Le retour de Rizzuto

Après Raynald Desjardins, c’est au tour de Vito Rizzuto de recevoir une citation à comparaître devant la Commission Charbonneau tel que confirmé dans plusieurs médias, dont La Presse.

Le fils du défunt parrain de la mafia, Nicolo Rizzuto, est un personnage central pour comprendre l’évolution du crime organisé au Canada au cours des trente dernières années.

L’excellent livre Mafia Inc., écrit par André Noël et André Cédilot, offre d’excellentes clefs pour comprendre son influence sur le monde interlope.

M. Rizzuto a passé les six dernières années de sa vie dans un pénitencier du Colorado pour son implication dans les meurtres de trois lieutenants du clan Bonanno à New York, en 1981. Le témoignage de deux repentis (l’ex parrain du clan Bonanno, Joseph Massino, et son beau-frère, Salvatore Vitale) a permis aux policiers de coffrer celui qu’on surnommait le «Teflon Don» en raison de son habileté naturelle à échapper à la justice.

L’extradition  de Vito Rizzuto, en août 2006, a marqué le coup d’envoi d’une guerre de pouvoir qui n’est toujours pas terminée au sein de la mafia. Vito Rizzuto l’avait prédit. Sur le chemin de l’aéroport le jour de son extradition, il avait confié aux policiers qu’ils faisaient une grave erreur, car lui seul pouvait assurer la stabilité au sein du monde interlope.

L’avenir lui a donné raison. Durant son exil forcé, son fils Nicolo Jr et son père ont été assassinés et les principaux hommes de confiance du clan sicilien ont disparu sans laisser de traces ou ils ont été abattus.

L’écho des coups de feu meurtriers qui retentissent dans la métropole depuis quelques semaines coïncident avec son retour au Canada, le 5 octobre dernier. Le meurtre de Joe Di Maulo, mafiosi notoire du clan calabrais, retient particulièrement l’attention des enquêteurs du crime organisé.

La Commission Charbonneau s’intéresse au rôle joué par M. Rizzuto dans la collusion et la corruption. Deux ingénieurs corrompus de la Ville de Montréal, Gilles Surprenant et Luc Leclerc, ont témoigné candidement qu’ils avaient déjà fait des voyages de golf avec cet homme charmant, courtois, doté d’un sens de l’humour hors pair…

Lino Zambito a aussi affirmé que M. Rizzuto avait arbitré une dispute entre l’homme d’affaires Tony Accurso et lui, pour un contrat de plus de 25 millions. Les vidéos de surveillance de l’opération Colisée, qui a porté un coup presque fatal au clan Rizzuto, ont montré les entrepreneurs qui ont fait main basse sur les contrats publics à Montréal au café Consenza, quartier général du clan Rizzuto.

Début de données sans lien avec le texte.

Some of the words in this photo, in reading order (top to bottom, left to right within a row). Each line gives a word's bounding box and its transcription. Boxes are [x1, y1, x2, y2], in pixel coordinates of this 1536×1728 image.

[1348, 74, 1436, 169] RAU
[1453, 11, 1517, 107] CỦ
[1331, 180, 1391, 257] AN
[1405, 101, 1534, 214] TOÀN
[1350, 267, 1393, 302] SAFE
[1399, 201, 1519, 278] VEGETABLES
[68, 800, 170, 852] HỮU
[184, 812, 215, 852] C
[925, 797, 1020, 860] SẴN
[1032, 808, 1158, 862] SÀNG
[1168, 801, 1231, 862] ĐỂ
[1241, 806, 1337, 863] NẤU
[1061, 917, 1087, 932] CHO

Entre 2004 et 2006, ils s’y rendaient régulièrement pour payer à la mafia un pizzo de 3 % sur la valeur de leurs contrats publics.

La Gendarmerie royale du Canada (GRC) n’avait guère prêté attention à ces nombreuses transactions en argent liquide entre entrepreneurs et mafieux. Elle enquêtait sur le trafic de drogue, l’extorsion, le pari illégal.

Les questions ne manquent pas pour Vito Rizzuto, mais la Commission pourrait se heurter à l’implacable loi de l’omertà avec lui. Lors de la Commission d’enquête sur le crime organisé (CECO), dans le années 70, Vic Cotroni et Paolo Violi avaient préféré faire de la prison pour outrage au tribunal que de répondre aux commissaires.